• [Data items]
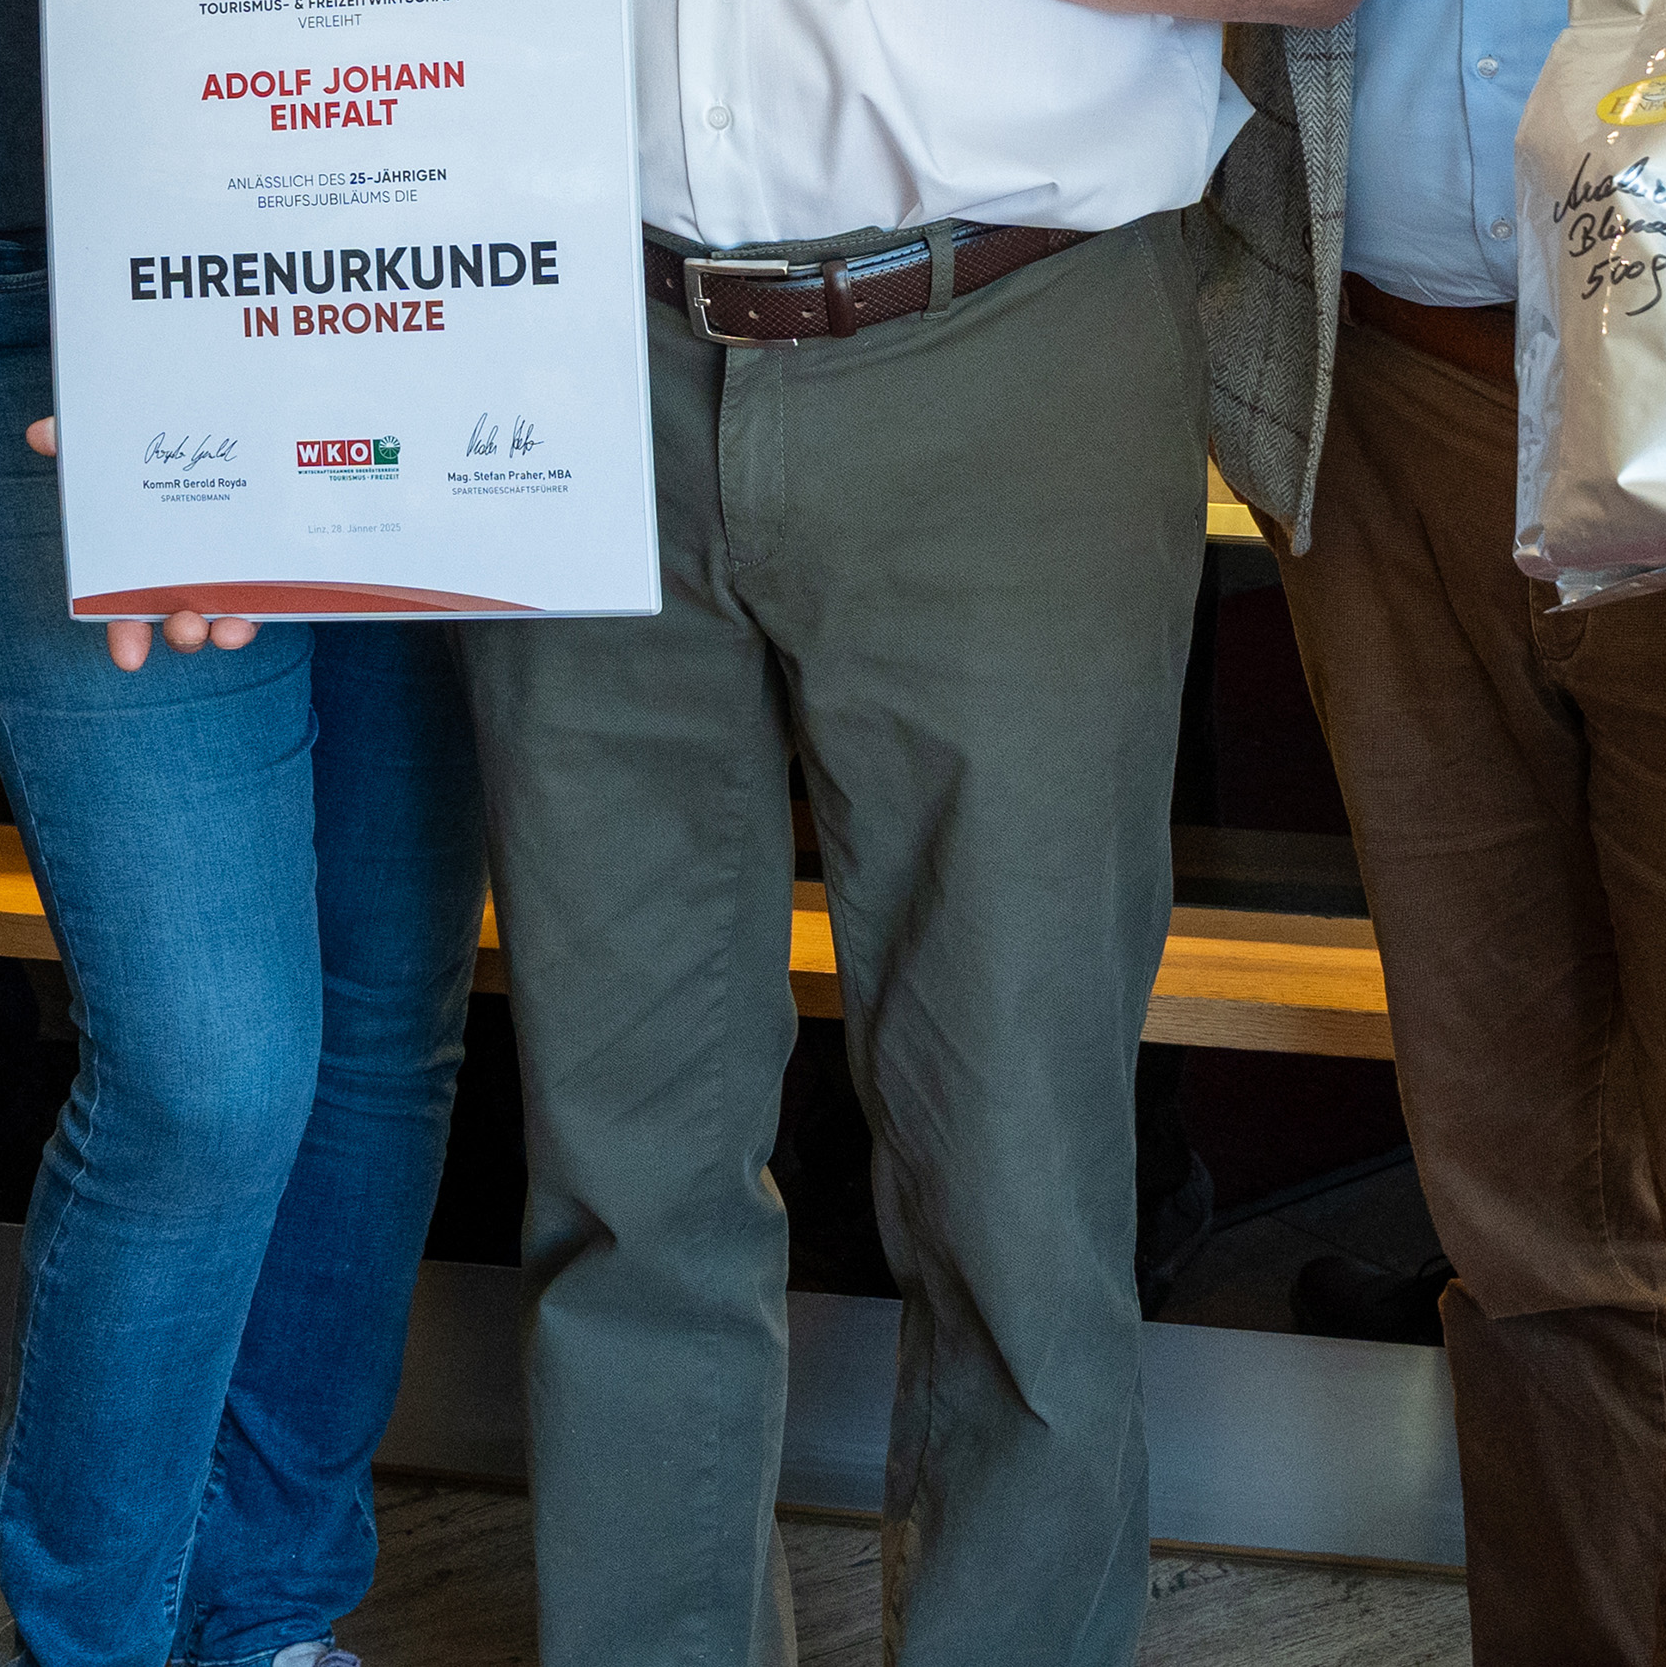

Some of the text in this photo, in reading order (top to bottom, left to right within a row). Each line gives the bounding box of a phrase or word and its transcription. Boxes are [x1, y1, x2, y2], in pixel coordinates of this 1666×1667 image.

[199, 0, 290, 15] TOURISMUS-
[298, 14, 363, 29] VERLEIHT
[201, 60, 466, 101] ADOLF JOHANN
[270, 98, 399, 132] EINFALT
[227, 168, 448, 191] ANLÄSSLICH DES 25-JÄHRIGEN
[258, 189, 418, 209] BERUFSJUBILÄUMS DIE
[129, 240, 561, 301] EHRENURKUNDE
[243, 300, 446, 338] IN BRONZE
[297, 441, 371, 465] WKO
[142, 477, 247, 490] KommR Gerold Royda
[370, 473, 400, 481] FREIZEIT
[447, 469, 573, 484] Mag. Stefan Praher, MBA
[451, 484, 569, 496] SPARTENGESCHÄFTSFÜHRER
[160, 493, 231, 503] SPARTENOBMANN
[307, 525, 330, 535] Linz,
[346, 523, 378, 533] Jänner
[379, 522, 402, 533] 2025
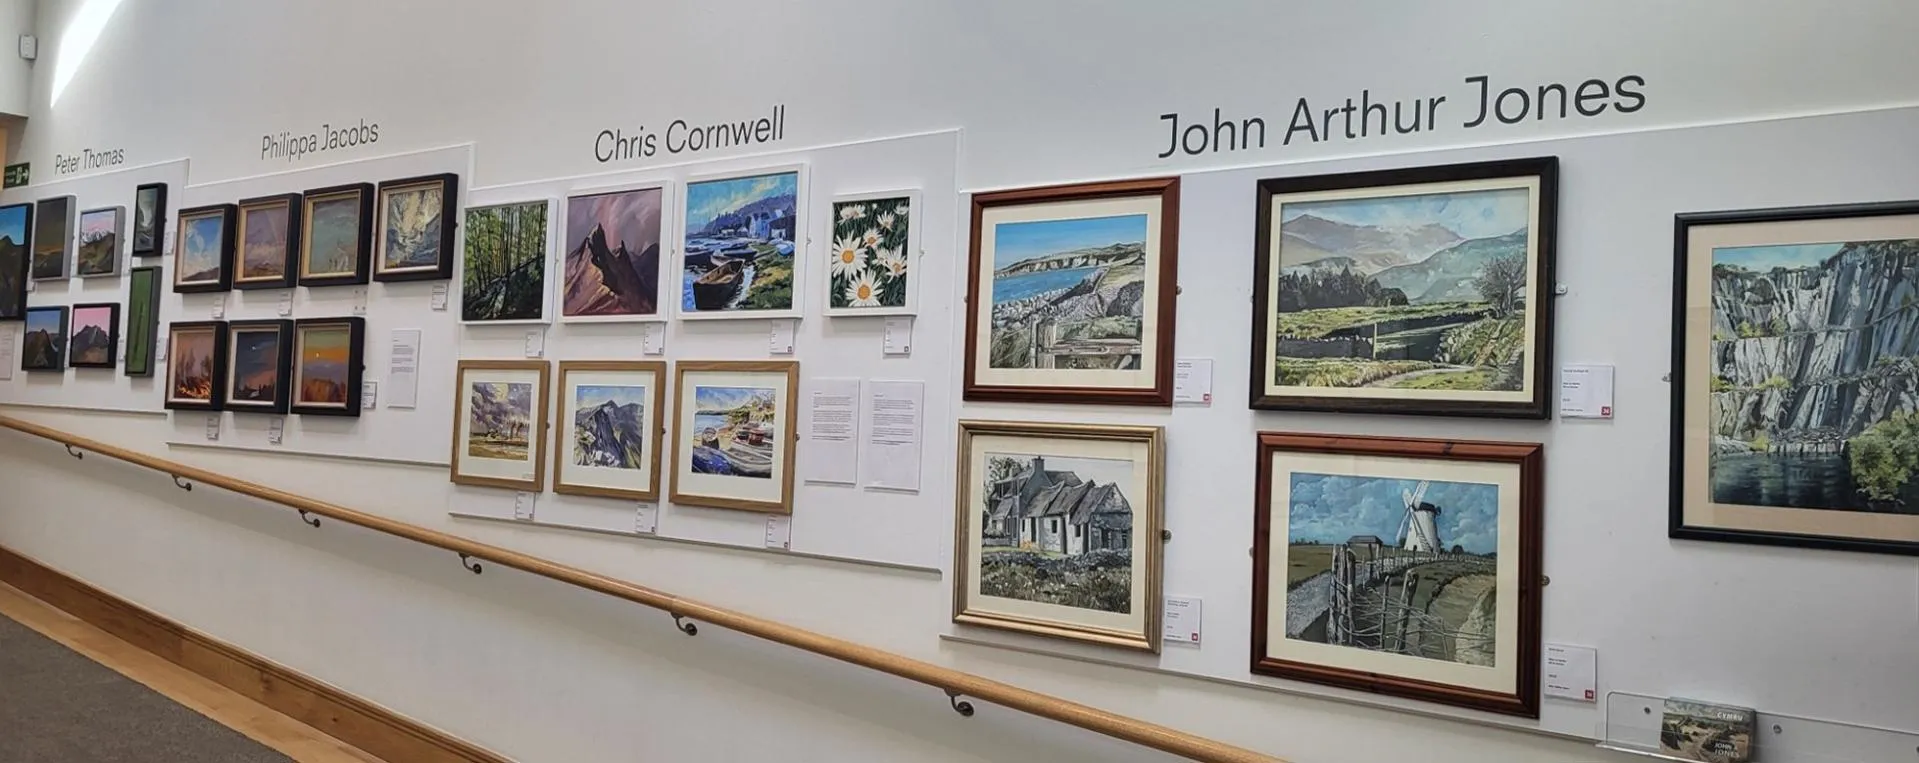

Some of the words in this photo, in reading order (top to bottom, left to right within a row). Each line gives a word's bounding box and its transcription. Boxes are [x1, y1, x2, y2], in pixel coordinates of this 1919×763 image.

[261, 131, 317, 162] Philippa
[321, 118, 379, 151] Jacobs
[595, 125, 657, 162] Chris
[666, 104, 785, 153] Cornwell
[1158, 108, 1265, 159] John
[1283, 90, 1446, 146] Arthur
[1463, 75, 1647, 128] Jones
[55, 154, 80, 175] Peter
[83, 148, 125, 169] Thomas

• [What you will do]
The answer must be an exact copy of the records, with no pictures in it.

• [Answer to the exercise]
Some of the text in this photo, in reading order (top to bottom, left to right within a row). Each line gives the bounding box of a phrase or word and its transcription. Boxes are [x1, y1, x2, y2], in pixel coordinates of this 1666×1667 image.

[199, 0, 290, 15] TOURISMUS-
[298, 14, 363, 29] VERLEIHT
[201, 60, 466, 101] ADOLF JOHANN
[270, 98, 399, 132] EINFALT
[227, 168, 448, 191] ANLÄSSLICH DES 25-JÄHRIGEN
[258, 189, 418, 209] BERUFSJUBILÄUMS DIE
[129, 240, 561, 301] EHRENURKUNDE
[243, 300, 446, 338] IN BRONZE
[297, 441, 371, 465] WKO
[142, 477, 247, 490] KommR Gerold Royda
[370, 473, 400, 481] FREIZEIT
[447, 469, 573, 484] Mag. Stefan Praher, MBA
[451, 484, 569, 496] SPARTENGESCHÄFTSFÜHRER
[160, 493, 231, 503] SPARTENOBMANN
[307, 525, 330, 535] Linz,
[346, 523, 378, 533] Jänner
[379, 522, 402, 533] 2025

Some of the words in this photo, in reading order (top to bottom, left to right within a row). Each line gives a word's bounding box and its transcription. Boxes are [x1, y1, x2, y2], in pixel coordinates of this 1919×763 image.

[261, 131, 317, 162] Philippa
[321, 118, 379, 151] Jacobs
[595, 125, 657, 162] Chris
[666, 104, 785, 153] Cornwell
[1158, 108, 1265, 159] John
[1283, 90, 1446, 146] Arthur
[1463, 75, 1647, 128] Jones
[55, 154, 80, 175] Peter
[83, 148, 125, 169] Thomas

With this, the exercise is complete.